Over two years, 4900 employees in executive and non-executive roles across 30 organisations took part. The goal, says AskYourTeam’s pou tikanga [cultural adviser] Conrad Waitoa, was to develop a snapshot of our cultural capability at work and assist organisations across the motu as they begin to improve their understanding of, and implement or progress, their cultural capability plans.
“Cultural competency is so much more than a sole focus on te reo Maori,” begins Waitoa (Ngāti Porou, Ngāti Kahungunu, Ngāi Tahu). “It’s about how we understand the treaty, how we incorporate tikanga, how and when we engage with Māori groups, and how we embrace equality and minimise racism at work.
“What these insights tell us are essentially three things. Firstly, that there is certainly a desire from Kiwi employees to learn more and improve cultural competency. Secondly, that most of us see te reo Māori as a great doorway to take us through to the wider concepts of equity and better engagement with Māori. And thirdly, that it’s our young colleagues leading the way – shining a light on the gaps and demanding that we do better.”
Waitoa says he’s not surprised that the survey – now available for any workplace to measure its own cultural competency – points to younger kaimahi spearheading change in this space.
“Our rangatahi are more culturally aware and equipped, taking a holistic view of work life rather than just profit and market share. They are raised prioritising wellbeing, and this extends to their expectation of a balanced work environment where fairness is a core value. Our research shows 86 per cent of our 18 to 25-year-olds see cultural capability as a priority, and that it’s our senior leaders who rank lower when it comes to viewing learning te reo Māori, for instance, as a worthwhile skill.
“Perhaps they are time-poor, or nearing the end of their working lives, or perhaps they are coming from the nine-to-five mentality and, as I have experienced myself, systemic racism, unconscious bias, and an unwillingness to change.”
Another insight from the survey exposes a lack of understanding of how Te Tiriti o Waitangi applies to our work lives and workplaces.
Only 44 per cent of New Zealanders surveyed felt they could explain how the treaty impacts their work. Just two in five employees felt confident in their ability to explain Māori concepts, and only a third of New Zealanders could adequately describe key historical moments and how they impact both Māori and Pākehā.
Waitoa says there is work to be done – “essential work, which education is already doing well, linking Te Tiriti into the curriculum.”

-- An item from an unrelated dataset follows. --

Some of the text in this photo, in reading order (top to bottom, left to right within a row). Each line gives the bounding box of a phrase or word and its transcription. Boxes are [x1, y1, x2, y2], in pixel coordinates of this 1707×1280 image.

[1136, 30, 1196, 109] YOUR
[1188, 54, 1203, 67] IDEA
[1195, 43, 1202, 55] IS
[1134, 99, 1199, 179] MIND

“We’re also seeing AskYourTeam client organisations driven by, typically, younger executives and CEOs who understand the strength of equity. And we are seeing more knowledgeable Māori influencing boards and gaining higher positions within companies, which can certainly help break down those barriers,” Waitoa says.

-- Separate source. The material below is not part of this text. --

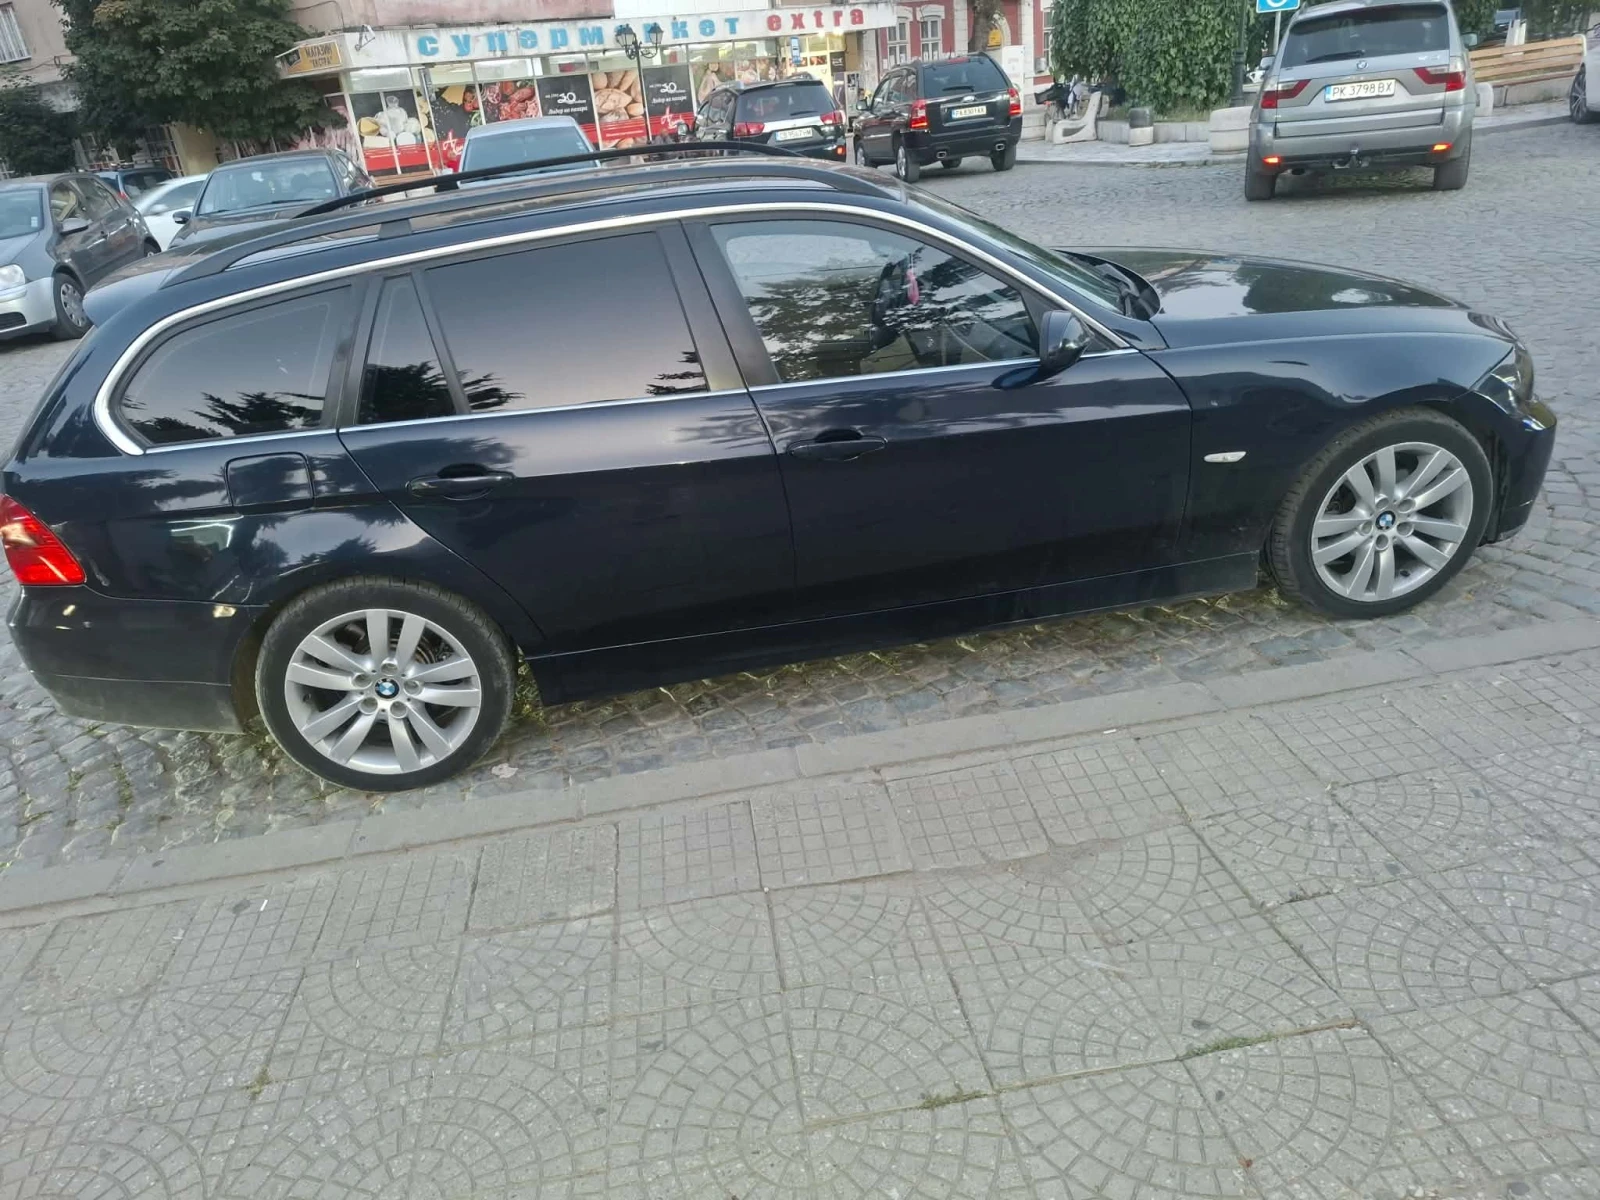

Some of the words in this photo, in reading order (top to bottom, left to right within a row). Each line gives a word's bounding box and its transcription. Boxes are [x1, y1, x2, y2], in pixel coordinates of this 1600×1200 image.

[766, 8, 864, 31] extra
[416, 17, 739, 57] супермркет
[304, 43, 333, 58] МАГАЗИН
[1349, 84, 1376, 96] 3798

Interestingly, it’s women who are more likely than men to show strong intent to improve cultural competency, with a 10-point gap between men and women when it comes to viewing te ao Māori as relevant to their work.
“Women’s psychology is different to men’s – their brains allow them to more readily think back to the past and look into the potential future,” offers Waitoa. “This may drive a deeper interest in developing stronger relationships and supporting te ao Māori.”
Waitoa says AskYourTeam is well-placed to work with organisations to, firstly, measure their own cultural competency through a range of survey questions, and offer ongoing support as businesses begin developing or implementing a strategy.
“Our initial data points to a strong desire, overall, for organisations to provide more opportunities to engage with the Māori bicultural space and partner with Māori groups. Other ideas from the survey questions indicate that Māori reo lessons, signage at work in both te reo Māori and te reo Pākehā, as well as developing a buddy mentorship system could work for some organisations. Our hope is that many more businesses and organisations will dive into this space, survey their own people, listen, learn, and embrace the journey.”